(Exercise description): Keeping every character in place, output all the data.

● ● ● ● ● ● ●

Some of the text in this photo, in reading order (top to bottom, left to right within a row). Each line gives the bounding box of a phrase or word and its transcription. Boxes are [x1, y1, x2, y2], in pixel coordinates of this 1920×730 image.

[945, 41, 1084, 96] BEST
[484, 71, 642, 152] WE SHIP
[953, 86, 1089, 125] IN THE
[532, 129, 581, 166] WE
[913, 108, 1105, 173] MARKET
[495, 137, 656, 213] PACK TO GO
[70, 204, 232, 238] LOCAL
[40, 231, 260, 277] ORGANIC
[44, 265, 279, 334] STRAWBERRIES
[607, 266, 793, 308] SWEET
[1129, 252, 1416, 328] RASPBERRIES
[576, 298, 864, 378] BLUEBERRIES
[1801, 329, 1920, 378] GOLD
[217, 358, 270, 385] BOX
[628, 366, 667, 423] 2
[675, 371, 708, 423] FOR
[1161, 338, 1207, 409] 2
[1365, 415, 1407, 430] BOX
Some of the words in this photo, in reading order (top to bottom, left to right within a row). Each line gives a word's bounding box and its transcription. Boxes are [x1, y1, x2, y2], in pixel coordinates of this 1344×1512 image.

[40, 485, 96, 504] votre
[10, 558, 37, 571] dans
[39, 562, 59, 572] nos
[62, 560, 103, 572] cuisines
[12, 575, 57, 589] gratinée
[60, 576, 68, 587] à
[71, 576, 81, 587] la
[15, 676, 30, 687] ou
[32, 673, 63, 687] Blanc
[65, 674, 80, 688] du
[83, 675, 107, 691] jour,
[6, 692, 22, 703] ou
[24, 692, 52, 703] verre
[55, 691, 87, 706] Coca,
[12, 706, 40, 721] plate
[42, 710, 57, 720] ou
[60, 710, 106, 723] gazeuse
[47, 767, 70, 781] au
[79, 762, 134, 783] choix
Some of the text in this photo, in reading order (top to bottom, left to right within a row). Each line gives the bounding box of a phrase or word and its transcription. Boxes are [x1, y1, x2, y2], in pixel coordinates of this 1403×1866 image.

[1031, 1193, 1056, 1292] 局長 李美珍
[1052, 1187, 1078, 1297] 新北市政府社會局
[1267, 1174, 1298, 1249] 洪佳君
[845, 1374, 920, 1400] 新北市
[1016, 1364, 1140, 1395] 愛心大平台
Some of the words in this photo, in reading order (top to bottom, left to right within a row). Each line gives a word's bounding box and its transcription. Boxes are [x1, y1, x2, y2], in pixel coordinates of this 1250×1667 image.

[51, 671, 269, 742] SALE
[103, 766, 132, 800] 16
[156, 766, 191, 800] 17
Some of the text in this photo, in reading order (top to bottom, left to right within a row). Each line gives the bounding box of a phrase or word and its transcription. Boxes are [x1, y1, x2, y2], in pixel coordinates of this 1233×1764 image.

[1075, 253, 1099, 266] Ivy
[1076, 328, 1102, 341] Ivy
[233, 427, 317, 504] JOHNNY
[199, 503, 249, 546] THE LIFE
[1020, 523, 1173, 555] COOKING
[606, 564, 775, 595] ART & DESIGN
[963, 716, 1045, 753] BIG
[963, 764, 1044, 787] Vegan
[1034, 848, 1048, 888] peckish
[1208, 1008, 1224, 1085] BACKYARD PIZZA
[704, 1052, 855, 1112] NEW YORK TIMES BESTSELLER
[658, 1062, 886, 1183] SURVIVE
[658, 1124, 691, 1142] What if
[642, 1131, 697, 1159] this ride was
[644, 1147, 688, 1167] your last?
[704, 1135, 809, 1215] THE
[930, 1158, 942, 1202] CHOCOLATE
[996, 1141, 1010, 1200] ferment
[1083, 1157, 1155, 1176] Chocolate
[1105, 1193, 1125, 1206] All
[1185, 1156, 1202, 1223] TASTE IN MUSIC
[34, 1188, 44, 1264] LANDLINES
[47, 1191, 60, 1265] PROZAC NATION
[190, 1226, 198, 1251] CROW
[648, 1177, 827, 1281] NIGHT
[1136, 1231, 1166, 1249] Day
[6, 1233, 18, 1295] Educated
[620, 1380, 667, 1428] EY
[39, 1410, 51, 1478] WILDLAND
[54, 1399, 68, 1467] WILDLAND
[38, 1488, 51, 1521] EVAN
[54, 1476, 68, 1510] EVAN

● ● ● ● ● ● ●

(Task output):
Some of the text in this photo, in reading order (top to bottom, left to right within a row). Each line gives the bounding box of a phrase or word and its transcription. Boxes are [x1, y1, x2, y2], in pixel coordinates of this 1920×730 image.

[945, 41, 1084, 96] BEST
[484, 71, 642, 152] WE SHIP
[953, 86, 1089, 125] IN THE
[532, 129, 581, 166] WE
[913, 108, 1105, 173] MARKET
[495, 137, 656, 213] PACK TO GO
[70, 204, 232, 238] LOCAL
[40, 231, 260, 277] ORGANIC
[44, 265, 279, 334] STRAWBERRIES
[607, 266, 793, 308] SWEET
[1129, 252, 1416, 328] RASPBERRIES
[576, 298, 864, 378] BLUEBERRIES
[1801, 329, 1920, 378] GOLD
[217, 358, 270, 385] BOX
[628, 366, 667, 423] 2
[675, 371, 708, 423] FOR
[1161, 338, 1207, 409] 2
[1365, 415, 1407, 430] BOX
Some of the words in this photo, in reading order (top to bottom, left to right within a row). Each line gives a word's bounding box and its transcription. Boxes are [x1, y1, x2, y2], in pixel coordinates of this 1344×1512 image.

[40, 485, 96, 504] votre
[10, 558, 37, 571] dans
[39, 562, 59, 572] nos
[62, 560, 103, 572] cuisines
[12, 575, 57, 589] gratinée
[60, 576, 68, 587] à
[71, 576, 81, 587] la
[15, 676, 30, 687] ou
[32, 673, 63, 687] Blanc
[65, 674, 80, 688] du
[83, 675, 107, 691] jour,
[6, 692, 22, 703] ou
[24, 692, 52, 703] verre
[55, 691, 87, 706] Coca,
[12, 706, 40, 721] plate
[42, 710, 57, 720] ou
[60, 710, 106, 723] gazeuse
[47, 767, 70, 781] au
[79, 762, 134, 783] choix
Some of the text in this photo, in reading order (top to bottom, left to right within a row). Each line gives the bounding box of a phrase or word and its transcription. Boxes are [x1, y1, x2, y2], in pixel coordinates of this 1403×1866 image.

[1031, 1193, 1056, 1292] 局長 李美珍
[1052, 1187, 1078, 1297] 新北市政府社會局
[1267, 1174, 1298, 1249] 洪佳君
[845, 1374, 920, 1400] 新北市
[1016, 1364, 1140, 1395] 愛心大平台
Some of the words in this photo, in reading order (top to bottom, left to right within a row). Each line gives a word's bounding box and its transcription. Boxes are [x1, y1, x2, y2], in pixel coordinates of this 1250×1667 image.

[51, 671, 269, 742] SALE
[103, 766, 132, 800] 16
[156, 766, 191, 800] 17
Some of the text in this photo, in reading order (top to bottom, left to right within a row). Each line gives the bounding box of a phrase or word and its transcription. Boxes are [x1, y1, x2, y2], in pixel coordinates of this 1233×1764 image.

[1075, 253, 1099, 266] Ivy
[1076, 328, 1102, 341] Ivy
[233, 427, 317, 504] JOHNNY
[199, 503, 249, 546] THE LIFE
[1020, 523, 1173, 555] COOKING
[606, 564, 775, 595] ART & DESIGN
[963, 716, 1045, 753] BIG
[963, 764, 1044, 787] Vegan
[1034, 848, 1048, 888] peckish
[1208, 1008, 1224, 1085] BACKYARD PIZZA
[704, 1052, 855, 1112] NEW YORK TIMES BESTSELLER
[658, 1062, 886, 1183] SURVIVE
[658, 1124, 691, 1142] What if
[642, 1131, 697, 1159] this ride was
[644, 1147, 688, 1167] your last?
[704, 1135, 809, 1215] THE
[930, 1158, 942, 1202] CHOCOLATE
[996, 1141, 1010, 1200] ferment
[1083, 1157, 1155, 1176] Chocolate
[1105, 1193, 1125, 1206] All
[1185, 1156, 1202, 1223] TASTE IN MUSIC
[34, 1188, 44, 1264] LANDLINES
[47, 1191, 60, 1265] PROZAC NATION
[190, 1226, 198, 1251] CROW
[648, 1177, 827, 1281] NIGHT
[1136, 1231, 1166, 1249] Day
[6, 1233, 18, 1295] Educated
[620, 1380, 667, 1428] EY
[39, 1410, 51, 1478] WILDLAND
[54, 1399, 68, 1467] WILDLAND
[38, 1488, 51, 1521] EVAN
[54, 1476, 68, 1510] EVAN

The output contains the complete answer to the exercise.